The first mention of the village comes from the company of Sultan Suleiman the Magnificent in a firman directed to Hasan, a bey of Akkerman and the Sandžak. It mentions that according to information provided by Moldovan voivode Alexandru Lăpușneanu, bandits who had committed murders and robberies had found shelter in Varnița or Varnigea near Bender. There is a hypothesis according to which the town was established immediately after the creation of Bender in 1538.

===The Second Stockholm===
After losing the battle of Poltava, Swedish King Charles XII lived in the village in 1709-1713. The king set up a military camp in here which was called the Second Stockholm.
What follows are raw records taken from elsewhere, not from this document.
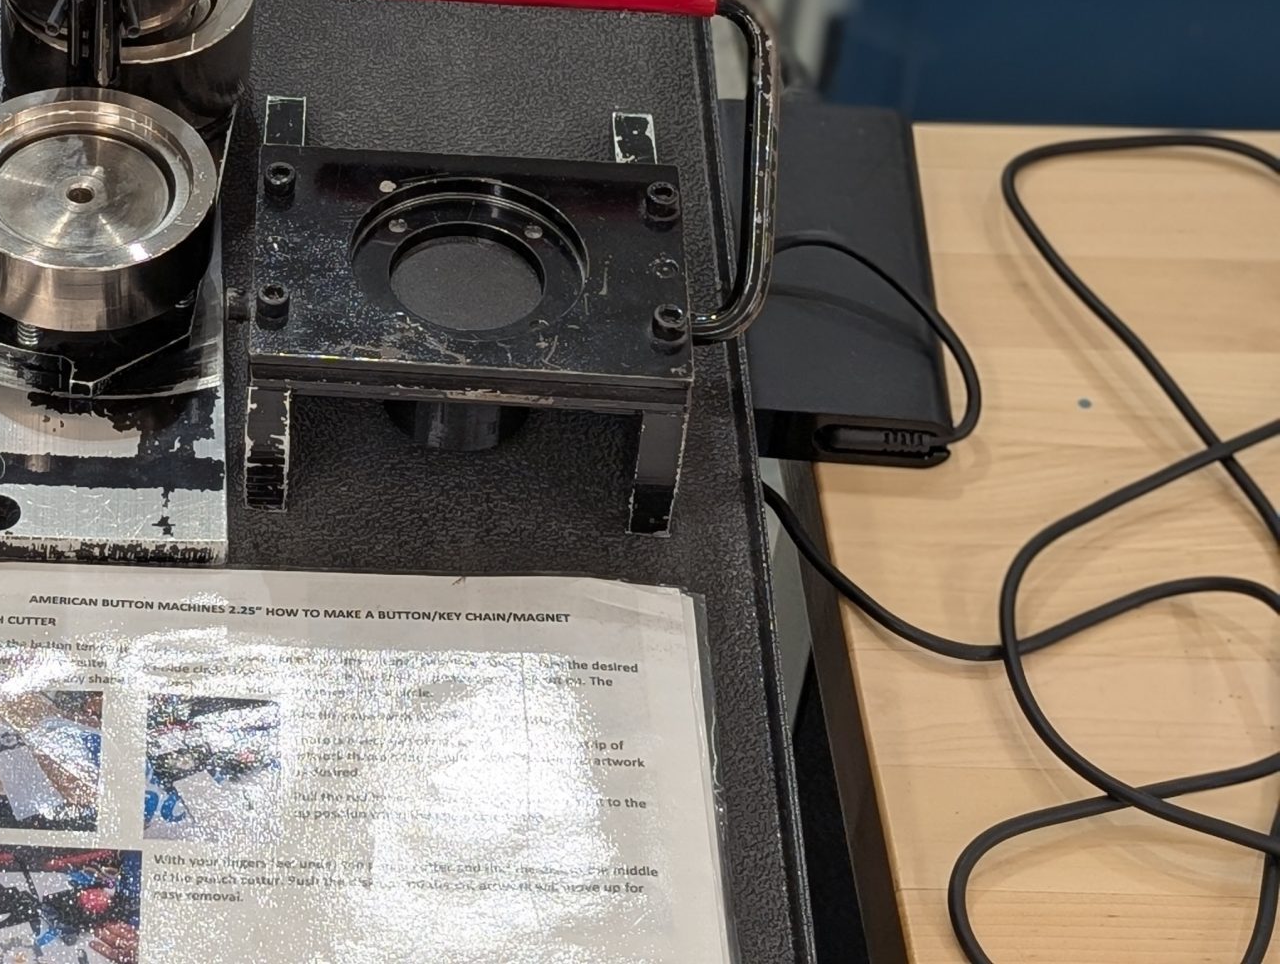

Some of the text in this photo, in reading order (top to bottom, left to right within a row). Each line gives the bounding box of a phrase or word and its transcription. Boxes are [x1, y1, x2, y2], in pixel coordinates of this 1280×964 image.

[28, 594, 98, 607] AMERICAN
[101, 598, 154, 610] BUTTON
[157, 600, 226, 614] MACHINES
[265, 607, 299, 619] HOW
[301, 608, 321, 619] TO
[323, 609, 362, 621] MAKE
[365, 610, 375, 620] A
[378, 610, 463, 623] BUTTON/KEY
[465, 611, 571, 624] CHAIN/MAGNET
[7, 614, 57, 627] CUTTER
[591, 660, 638, 673] desired
[589, 676, 614, 687] The
[610, 739, 625, 751] of
[592, 756, 646, 768] artwork
[607, 797, 621, 808] to
[624, 798, 647, 809] the
[153, 854, 186, 866] With
[613, 865, 659, 877] middle
[603, 883, 621, 894] up
[624, 882, 645, 894] for
The settlement included his Cossack and Moldavian allies, notably among whom was Ivan Mazepa, who died in Varnița. In 1925, at the request of the Swedish authorities, a memorial obelisk was erected here. A separate monument commemorates the figure of Mazepa.

In 2016, the remains of the palace of Charles XII were found in the village.
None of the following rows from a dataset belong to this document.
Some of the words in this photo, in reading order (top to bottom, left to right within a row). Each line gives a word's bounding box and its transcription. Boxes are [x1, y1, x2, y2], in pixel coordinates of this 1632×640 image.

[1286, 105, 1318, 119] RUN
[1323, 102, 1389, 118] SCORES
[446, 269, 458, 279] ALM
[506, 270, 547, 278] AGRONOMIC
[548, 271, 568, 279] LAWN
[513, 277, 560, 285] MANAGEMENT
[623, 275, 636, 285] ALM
==Territorial dispute between Moldova and Transnistria==
The leaders of Transnistria claim Varnița as being part of the Pridnestrovian Moldavian Republic, but the attempts of Transnistrian authorities to take control of the village have failed to date. This conflict likely stems from Varnița being a port on the Dniester River, and began in 2006.

In 2006, the parties announced their willingness to settle the dispute in court, and the authorities in Transnistria announced that until the verdict was handed down, the control of port infrastructure should be exercised by the mainly Russian soldiers stationed in Transnistria since 1992. After the soldiers entered Varnița, the United States Embassy in Chișinău became interested in the case, calling for the return of the port of Moldova. The European Union also called on both sides to calm and de-escalate the conflict. Finally, a Moldovan court stated that the port was the property of local authorities. The incident around the port was artificially blown up by both parties, both possessing a key interest in keeping international organizations involved in the conflict over Transnistria. In 2013, another border incident occurred in the village, when residents destroyed border checkpoints built by Transnistria in response to the Moldovan announcement of erecting such points in the security zone. That same year, the president of Transnistria, Evgeni Shevchuk, by decree unilaterally announced the extension of the Transnistria borders to include Varniţa.

==Demographics==

According to the 2004 Moldovan census, there were 4,210 inhabitants, 3,390 of which were ethnic Moldovans, 454 Russians, 228 Ukrainians, 50 Roma, 35 Bulgarians, 15 Gagauzes, 1 Jew, 1 Pole, and 36 other/undeclared.

According to the 1930 Romanian census, the population was 94.8% Romanian, 3.7% Russian and 1.16% Jewish.